**Work required**: Your output should be the complete listing, word for word, with no pictures in it.

====

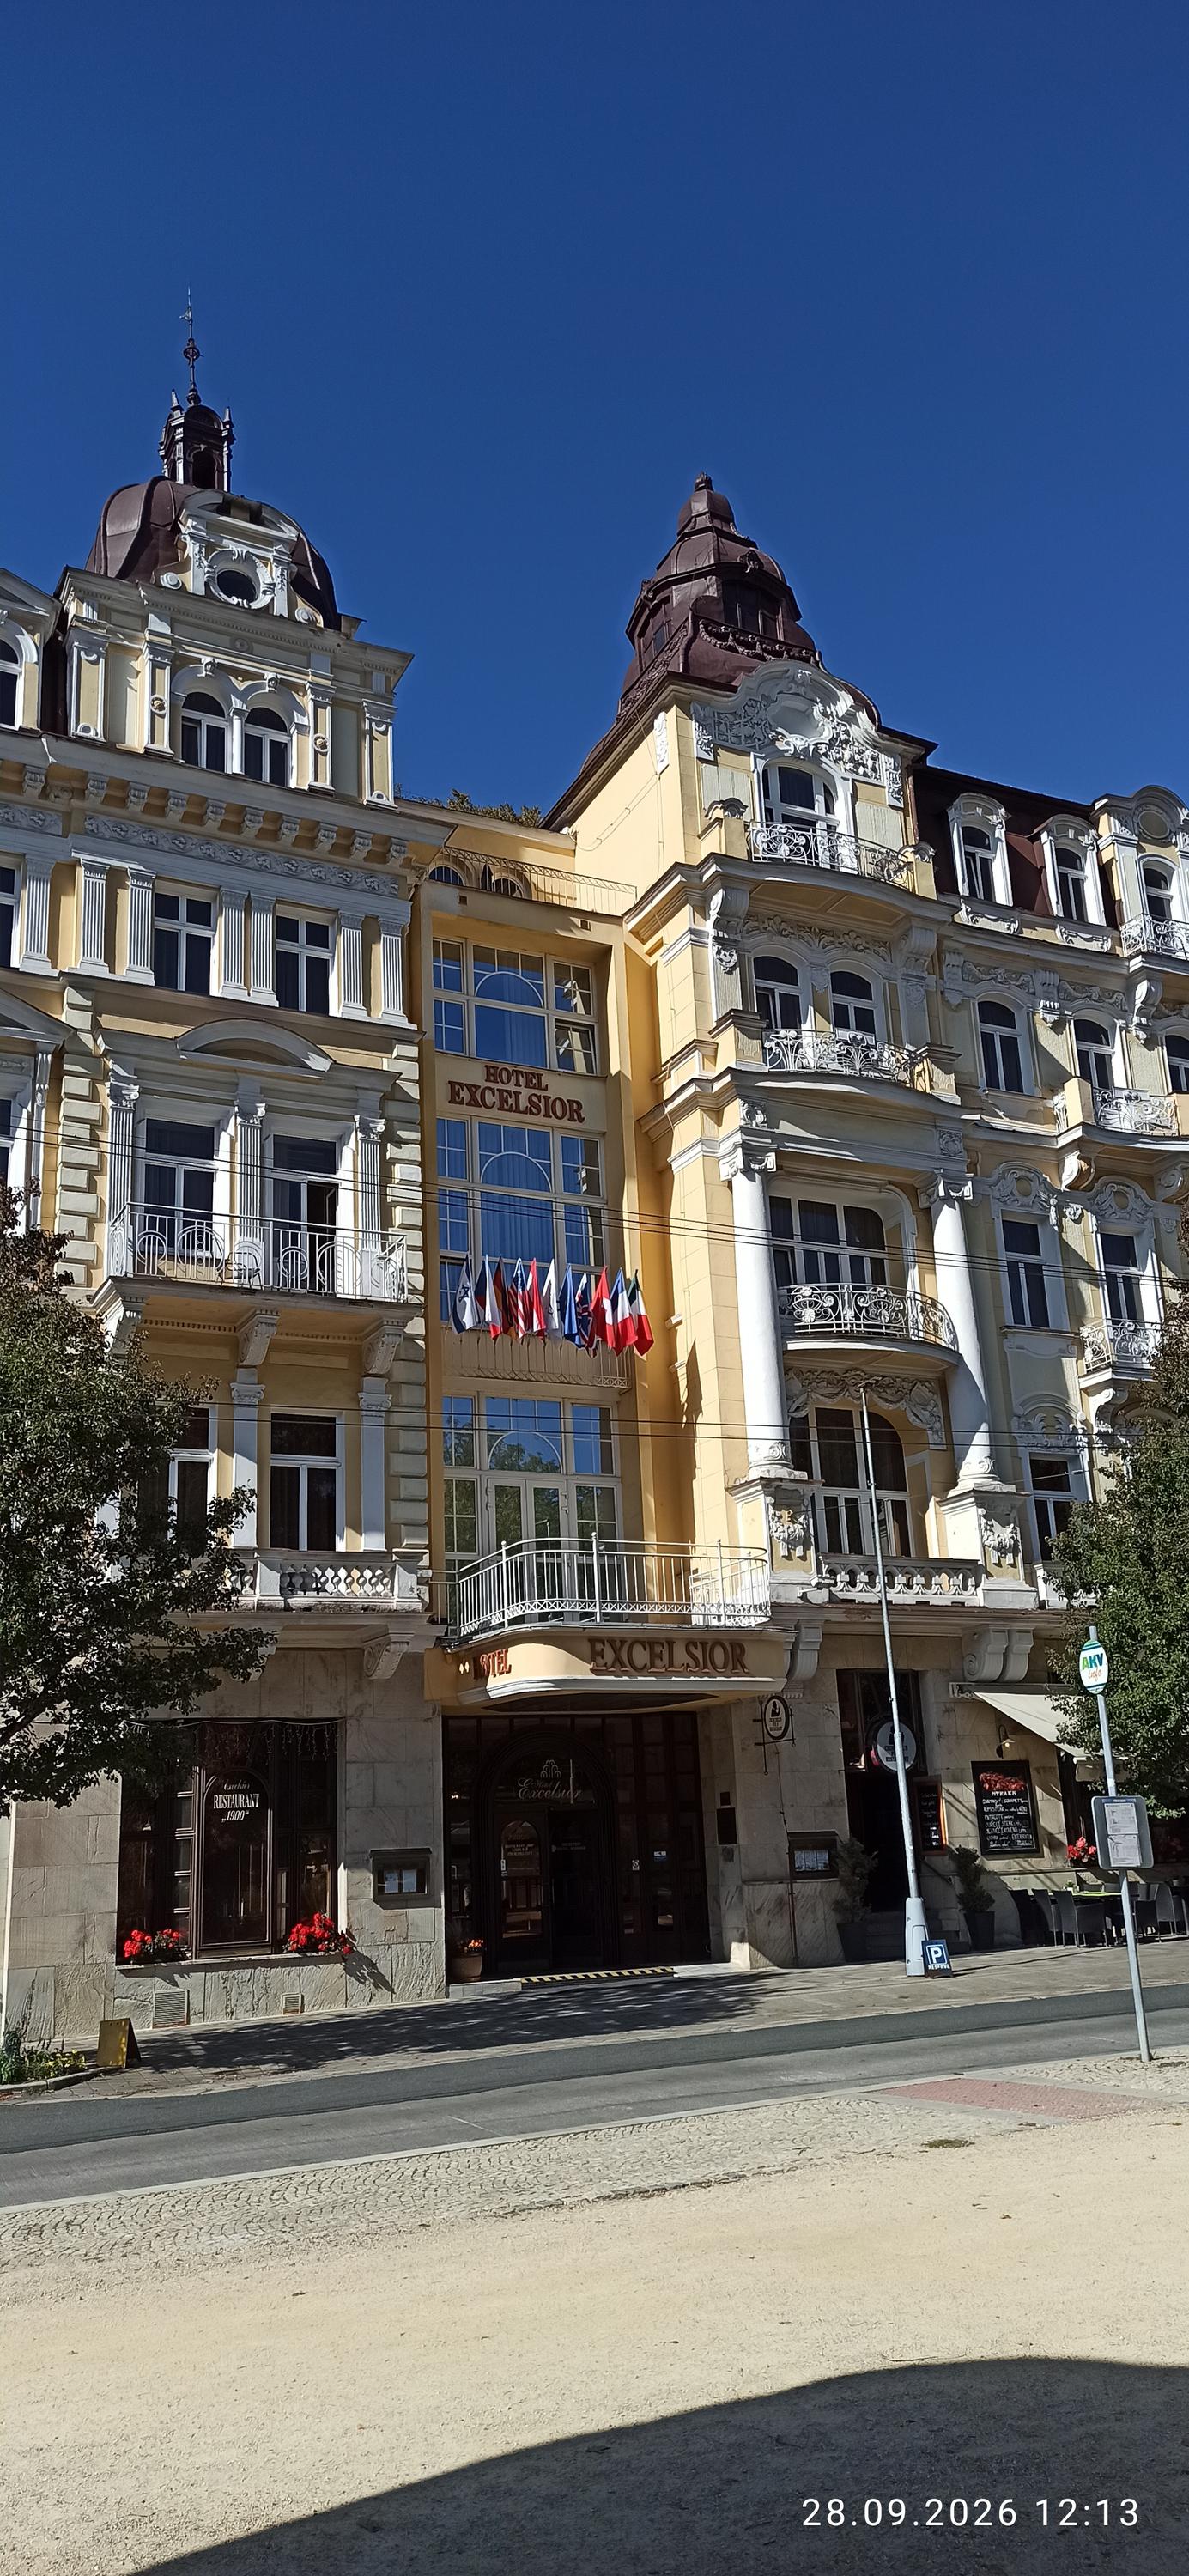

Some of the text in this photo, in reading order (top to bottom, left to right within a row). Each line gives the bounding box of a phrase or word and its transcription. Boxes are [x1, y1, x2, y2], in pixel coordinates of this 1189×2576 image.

[484, 1065, 548, 1091] HOTEL
[447, 1080, 585, 1123] EXCELSIOR
[473, 1637, 750, 1680] HOTEL EXCELSIOR
[1088, 1667, 1102, 1682] info
[213, 1793, 260, 1809] RESTAURANT
[517, 1777, 583, 1801] Excelsior
[930, 1947, 943, 1964] P
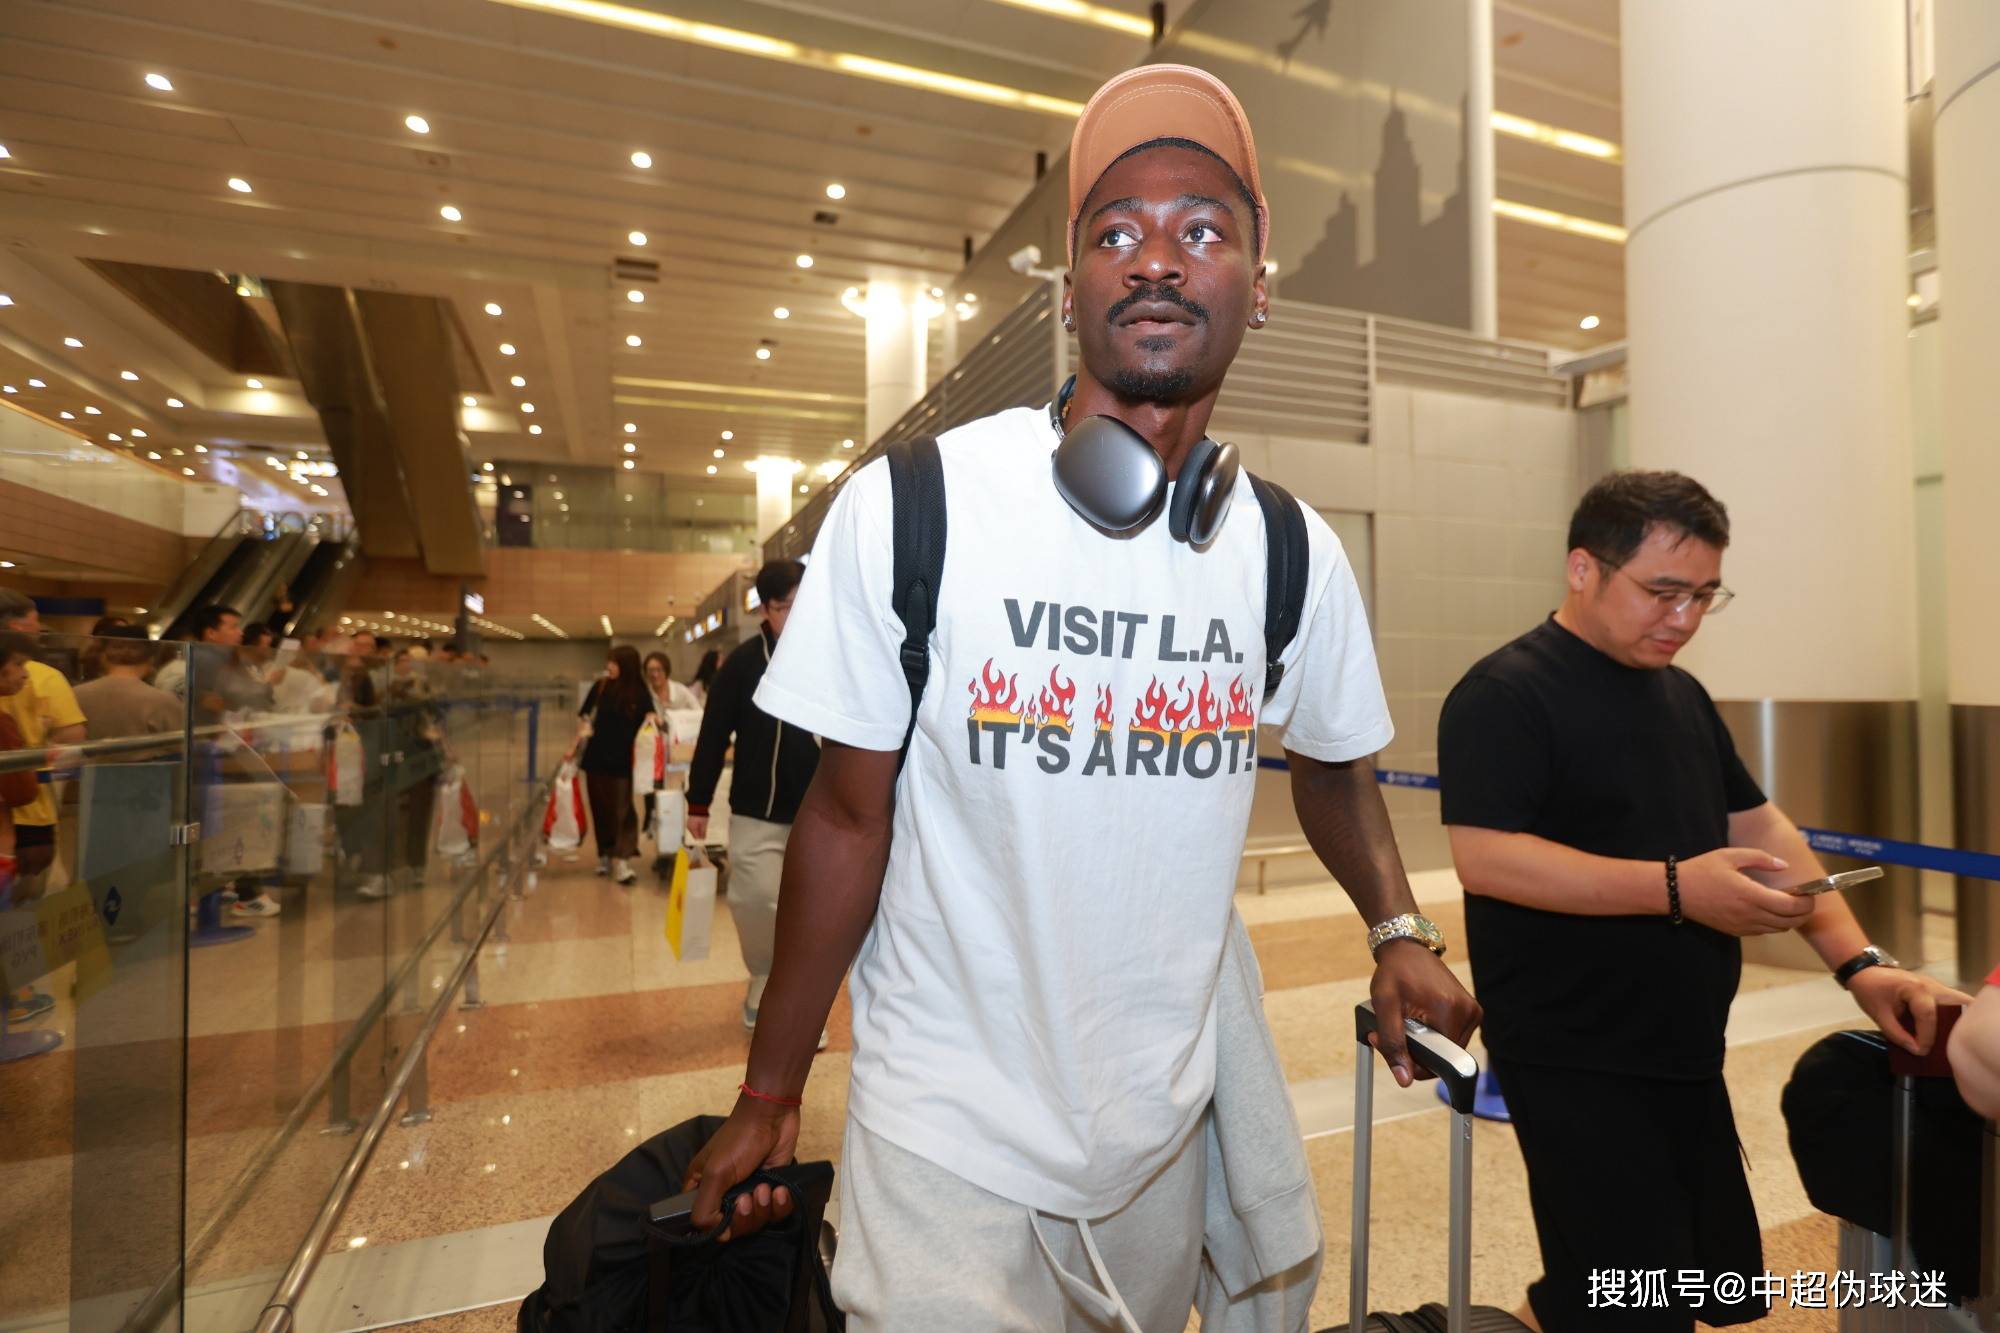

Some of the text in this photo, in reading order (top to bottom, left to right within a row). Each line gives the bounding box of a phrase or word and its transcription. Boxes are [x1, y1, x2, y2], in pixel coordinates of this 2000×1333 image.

[1003, 598, 1244, 664] VISIT L.A.
[967, 717, 1256, 779] IT'S A RIOT!
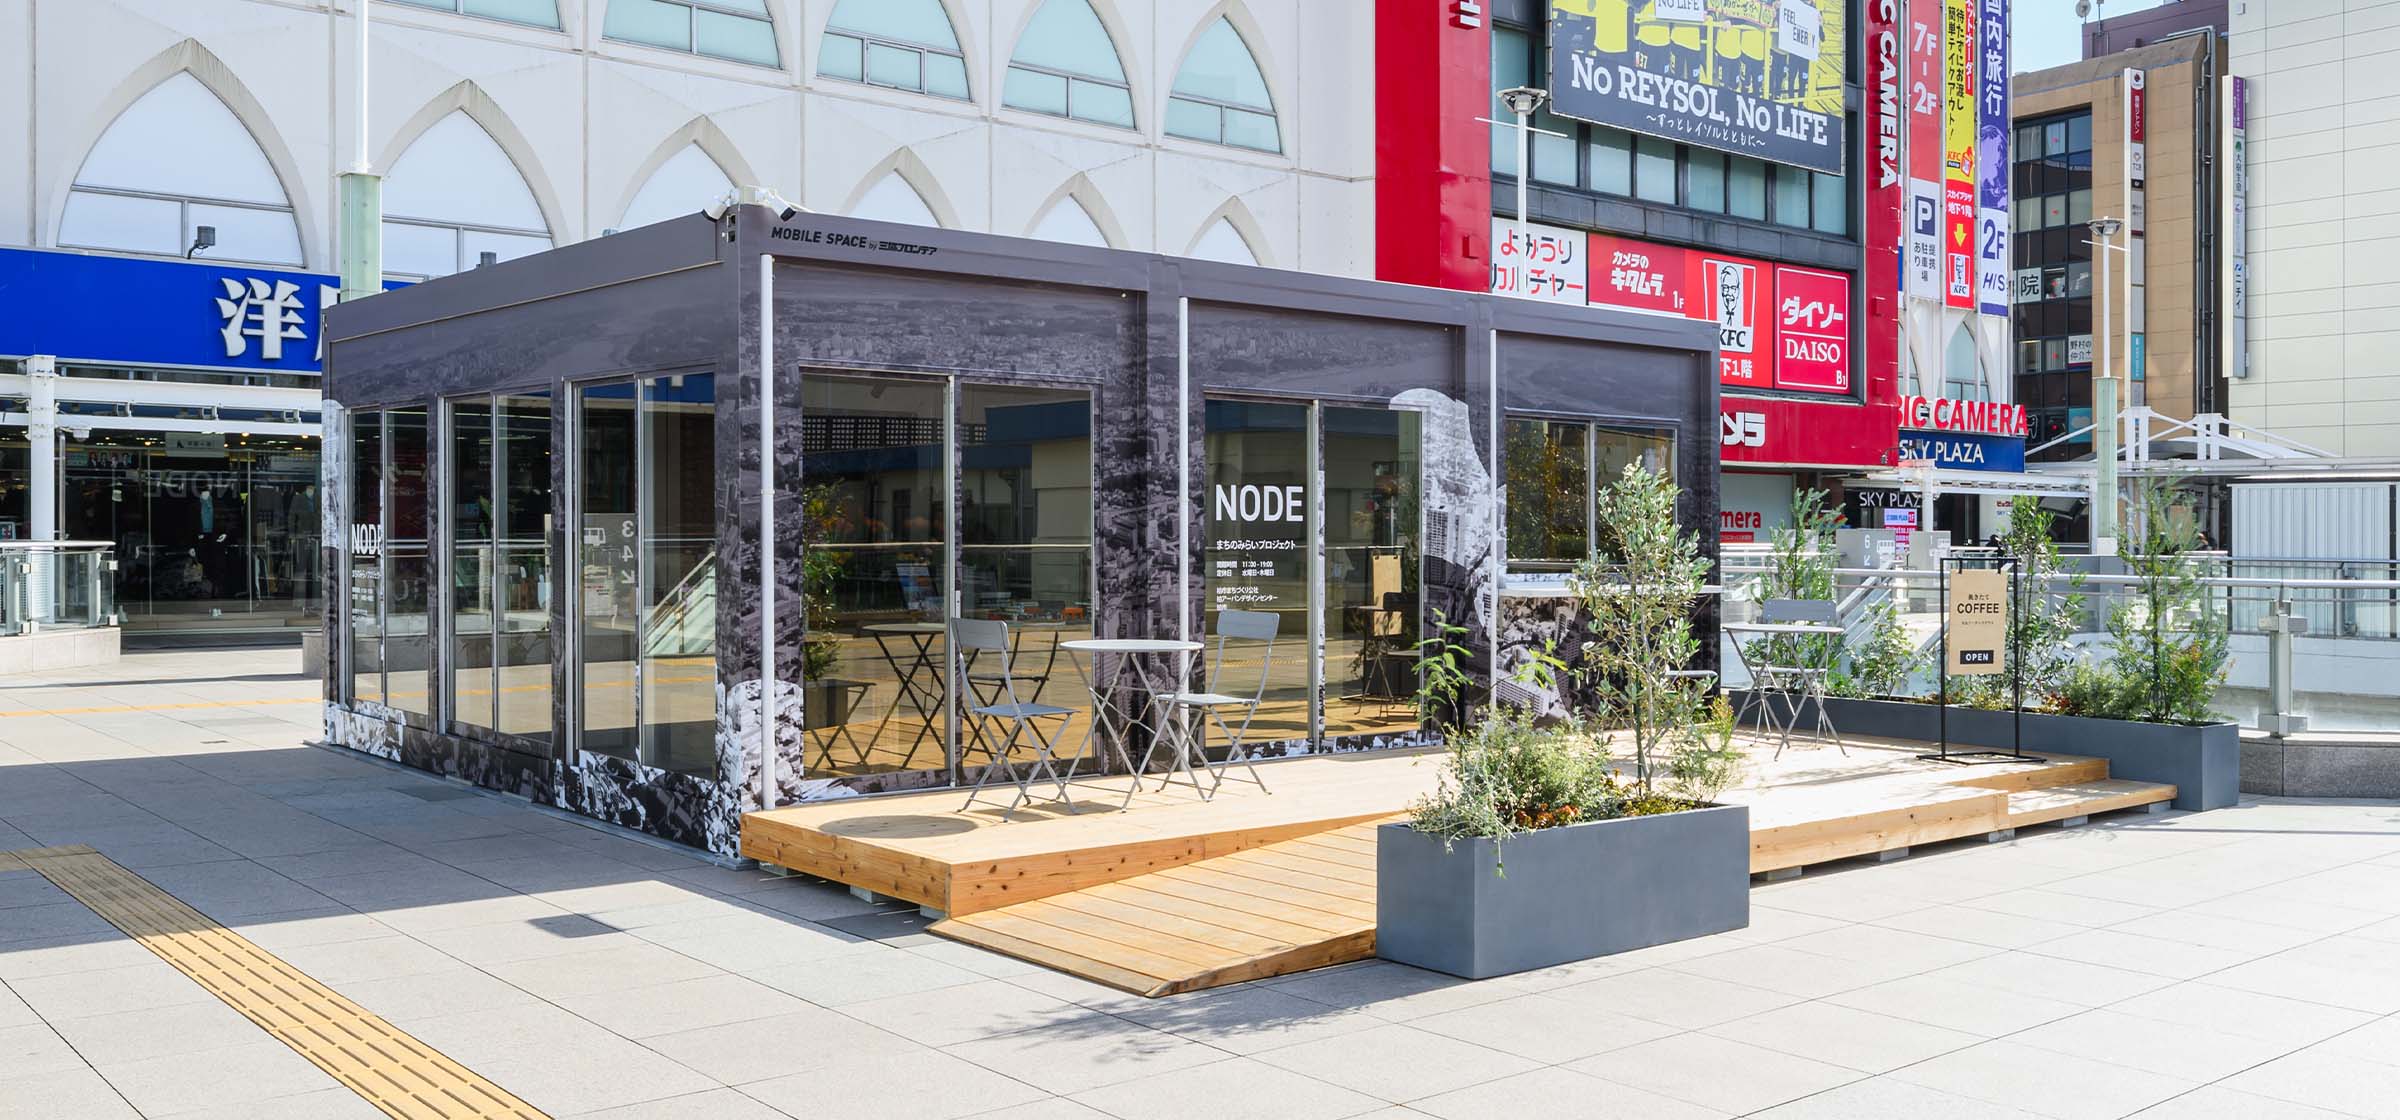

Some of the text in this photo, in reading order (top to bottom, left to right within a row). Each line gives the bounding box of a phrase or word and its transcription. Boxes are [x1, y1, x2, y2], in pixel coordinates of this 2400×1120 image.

====

**Response to this exercise**:
Some of the text in this photo, in reading order (top to bottom, left to right within a row). Each line gives the bounding box of a phrase or word and its transcription. Boxes are [x1, y1, x2, y2], in pixel coordinates of this 1189×2576 image.

[484, 1065, 548, 1091] HOTEL
[447, 1080, 585, 1123] EXCELSIOR
[473, 1637, 750, 1680] HOTEL EXCELSIOR
[1088, 1667, 1102, 1682] info
[213, 1793, 260, 1809] RESTAURANT
[517, 1777, 583, 1801] Excelsior
[930, 1947, 943, 1964] P

Some of the text in this photo, in reading order (top to bottom, left to right within a row). Each line gives the bounding box of a phrase or word and its transcription. Boxes are [x1, y1, x2, y2], in pixel coordinates of this 2000×1333 image.

[1003, 598, 1244, 664] VISIT L.A.
[967, 717, 1256, 779] IT'S A RIOT!

Some of the text in this photo, in reading order (top to bottom, left to right within a row). Each line gives the bounding box of a phrase or word and its transcription. Boxes are [x1, y1, x2, y2], in pixel coordinates of this 2400×1120 image.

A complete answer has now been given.